Work instructions
Please retype the records below exactly, omitting any images.
*** Input for this task ***
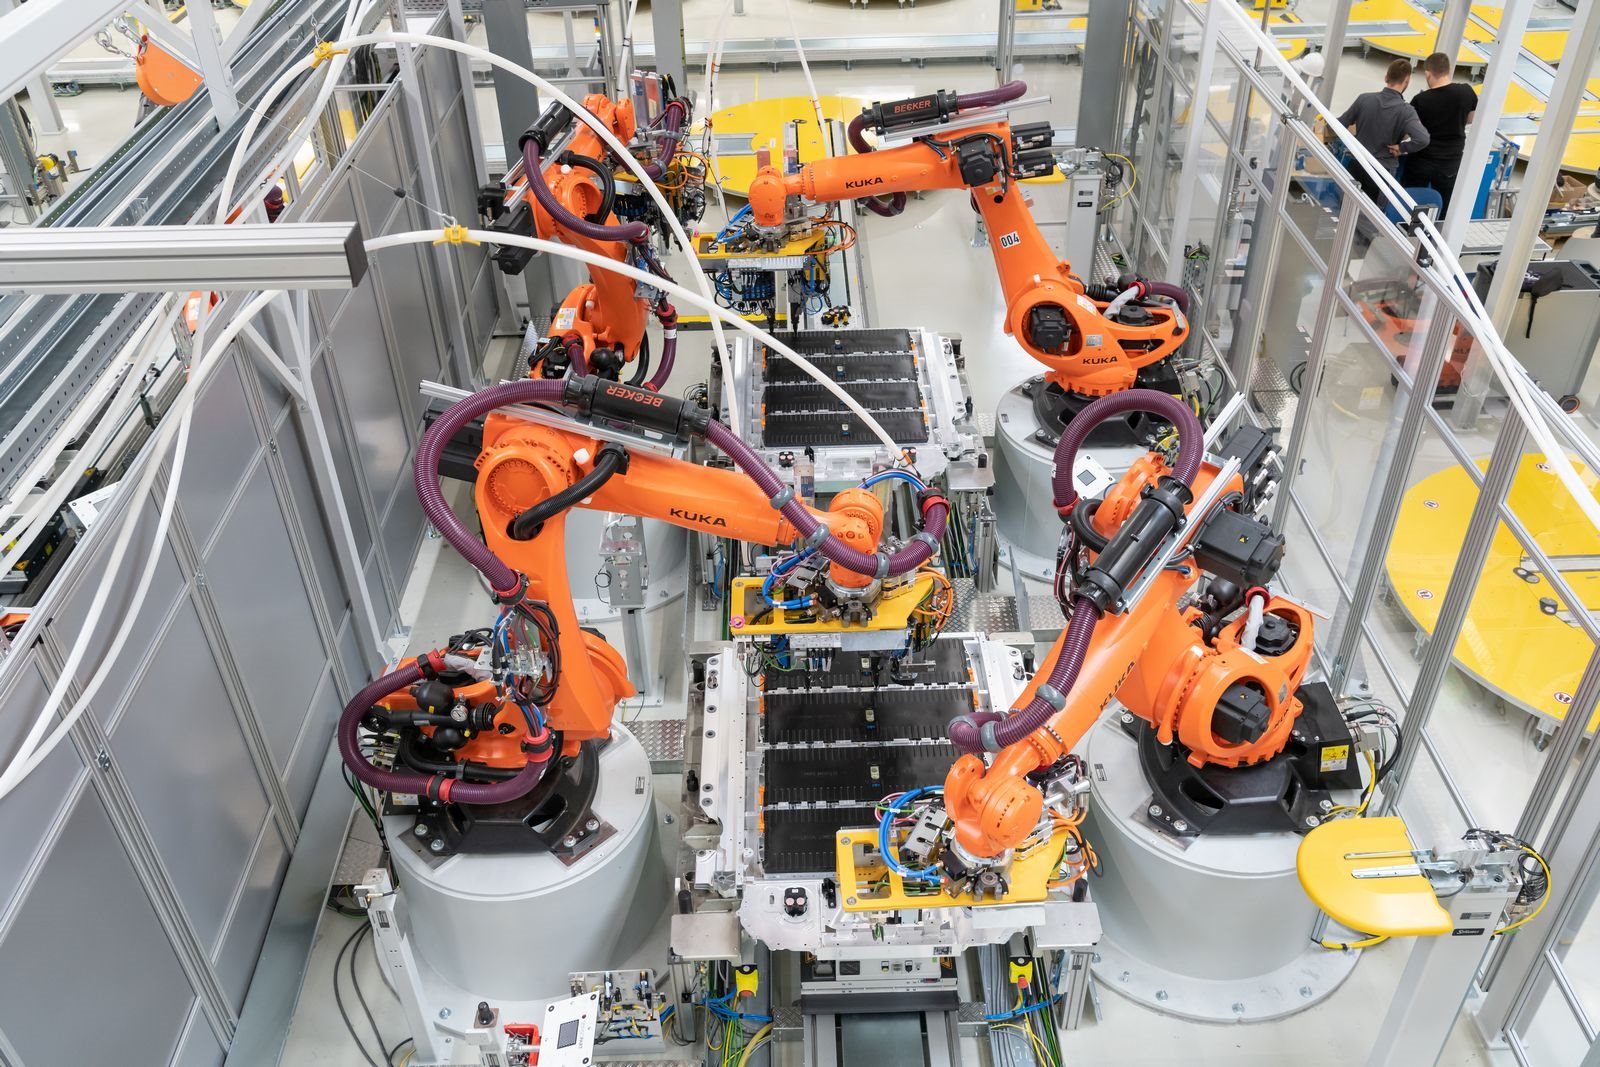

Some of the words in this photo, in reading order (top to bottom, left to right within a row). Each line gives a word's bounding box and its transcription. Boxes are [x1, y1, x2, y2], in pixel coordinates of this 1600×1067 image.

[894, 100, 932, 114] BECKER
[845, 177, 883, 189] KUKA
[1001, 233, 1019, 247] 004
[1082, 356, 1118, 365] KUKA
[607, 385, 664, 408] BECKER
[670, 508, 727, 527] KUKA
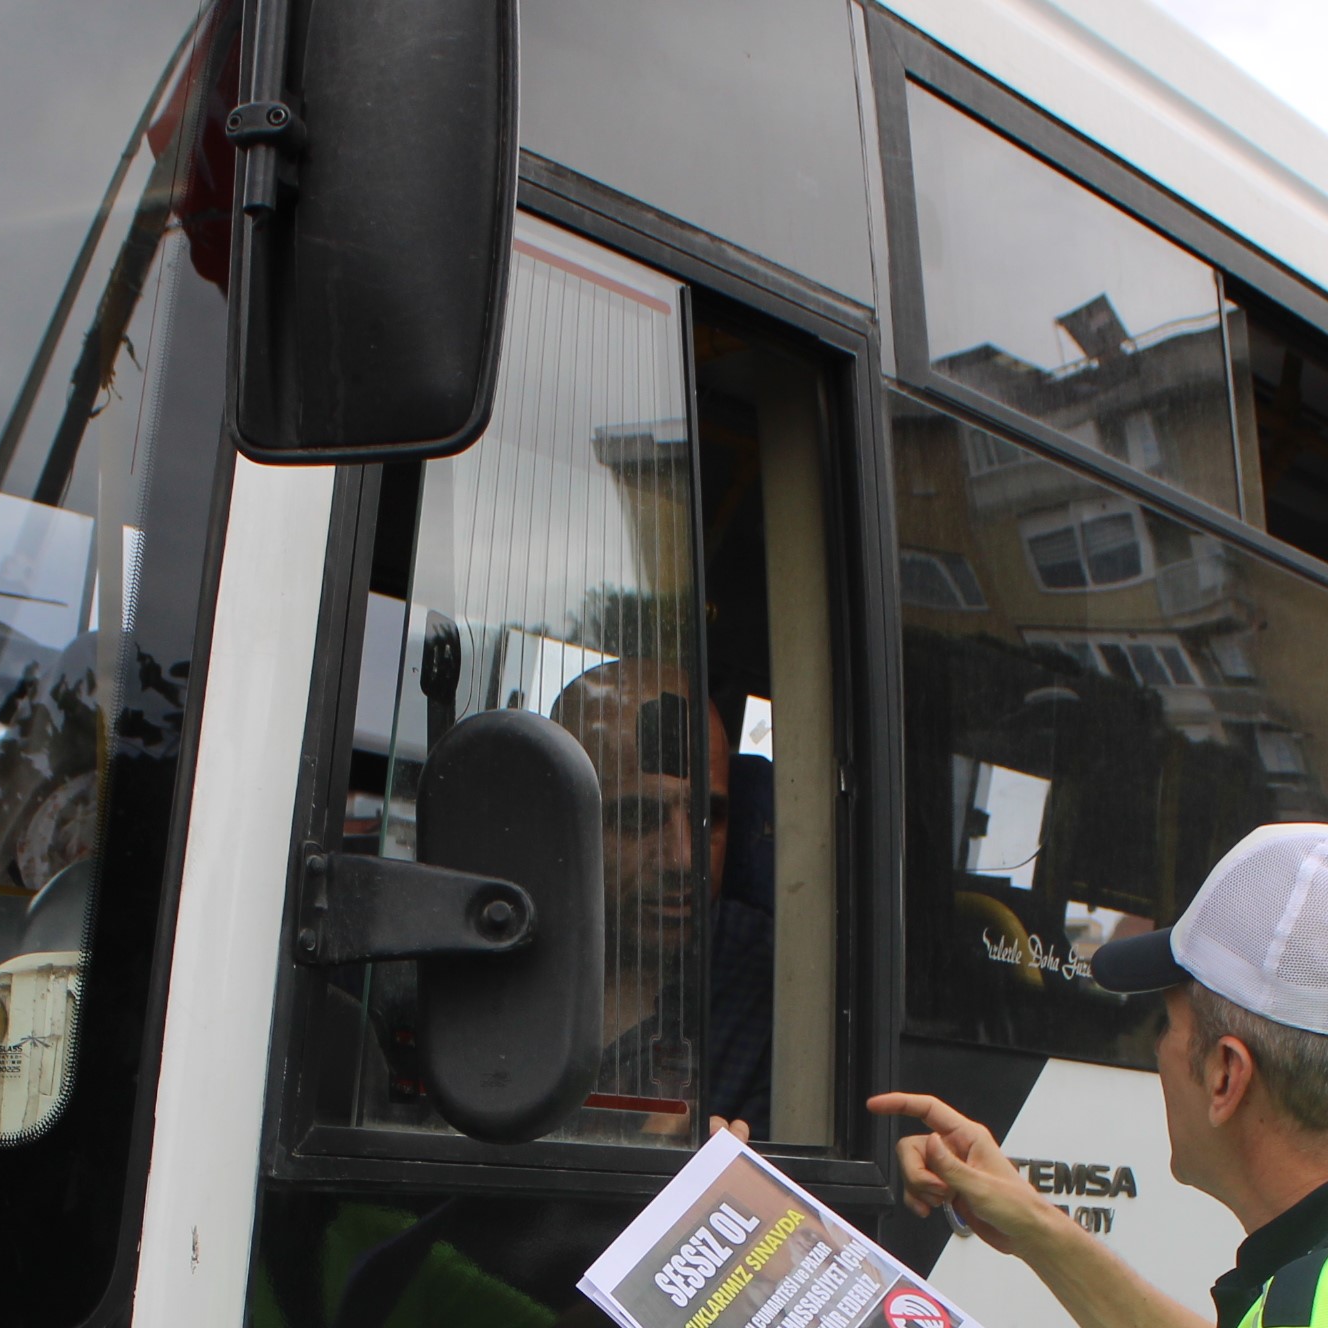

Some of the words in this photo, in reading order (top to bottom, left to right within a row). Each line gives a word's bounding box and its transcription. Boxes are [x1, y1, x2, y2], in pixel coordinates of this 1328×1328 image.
***
Written answer
Some of the words in this photo, in reading order (top to bottom, left to right within a row). Each line gives a word's bounding box and its transcription. Boxes are [x1, y1, x2, y2], in pixel coordinates of this 1600×1067 image.

[894, 100, 932, 114] BECKER
[845, 177, 883, 189] KUKA
[1001, 233, 1019, 247] 004
[1082, 356, 1118, 365] KUKA
[607, 385, 664, 408] BECKER
[670, 508, 727, 527] KUKA

Some of the words in this photo, in reading order (top to bottom, left to right within a row). Each line gives a word's bounding box and its transcription. Boxes are [x1, y1, x2, y2], in pixel coordinates of this 1328×1328 image.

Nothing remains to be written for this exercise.